A: I LIKE how you understood “seeing one’s soul” as being helpful for one’s life, because I think that is the answer to your question.

Although art is not therapy, I think acting it is a very productive way to discover oneself.

When we are working, we need to deal with how we truly feel about things – not how we rationalize them. For example, once I was working with the circumstance of getting promoted at work – and it made me cry (not happy tears). I mean, of course I knew I was not happy, but having such a reaction forced me to actually do something about it. The realisation that I was still in love with someone made me apologize. It still did not work out, but at least now I can live knowing that I did something about it.

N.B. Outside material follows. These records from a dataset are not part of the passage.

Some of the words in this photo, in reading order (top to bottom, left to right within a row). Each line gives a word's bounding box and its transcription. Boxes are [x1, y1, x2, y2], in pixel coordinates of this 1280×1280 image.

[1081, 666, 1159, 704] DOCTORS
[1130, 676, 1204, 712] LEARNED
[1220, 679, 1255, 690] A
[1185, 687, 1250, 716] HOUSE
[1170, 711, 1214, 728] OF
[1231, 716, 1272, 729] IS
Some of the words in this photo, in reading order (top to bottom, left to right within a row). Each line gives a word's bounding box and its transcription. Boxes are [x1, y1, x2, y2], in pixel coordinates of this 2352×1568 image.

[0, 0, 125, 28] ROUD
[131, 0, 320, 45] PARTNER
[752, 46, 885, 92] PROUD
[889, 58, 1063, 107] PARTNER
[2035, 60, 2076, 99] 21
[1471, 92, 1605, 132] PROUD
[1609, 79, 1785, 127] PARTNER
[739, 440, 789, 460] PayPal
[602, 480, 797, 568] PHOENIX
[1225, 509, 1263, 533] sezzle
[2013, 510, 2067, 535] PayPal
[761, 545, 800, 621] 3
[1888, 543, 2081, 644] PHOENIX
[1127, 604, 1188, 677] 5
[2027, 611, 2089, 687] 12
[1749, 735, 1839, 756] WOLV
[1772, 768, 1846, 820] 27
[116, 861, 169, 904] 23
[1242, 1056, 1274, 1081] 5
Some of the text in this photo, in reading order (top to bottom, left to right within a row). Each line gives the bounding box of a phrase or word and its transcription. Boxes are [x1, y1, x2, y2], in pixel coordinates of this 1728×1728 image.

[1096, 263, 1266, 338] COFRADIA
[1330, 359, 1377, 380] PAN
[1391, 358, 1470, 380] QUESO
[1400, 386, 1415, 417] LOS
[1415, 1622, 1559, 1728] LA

Acting is also a great means of letting go. All the grief, pain and rage we feel has a place to come out, to be expressed, so we do not have to keep it repressed inside of us forever. If something bad happens in my life and I do not have a play going on, I go home as soon as I can and do some movement work (Lloyd Williamson technique) and move to my pain and express it.

Even though it does not take the problem away, I am more physically prepared and emotionally relaxed to deal with the problem in a better way. I mean, movement work is not made to fix your issues, but since it has a healthy side effect, why not use it.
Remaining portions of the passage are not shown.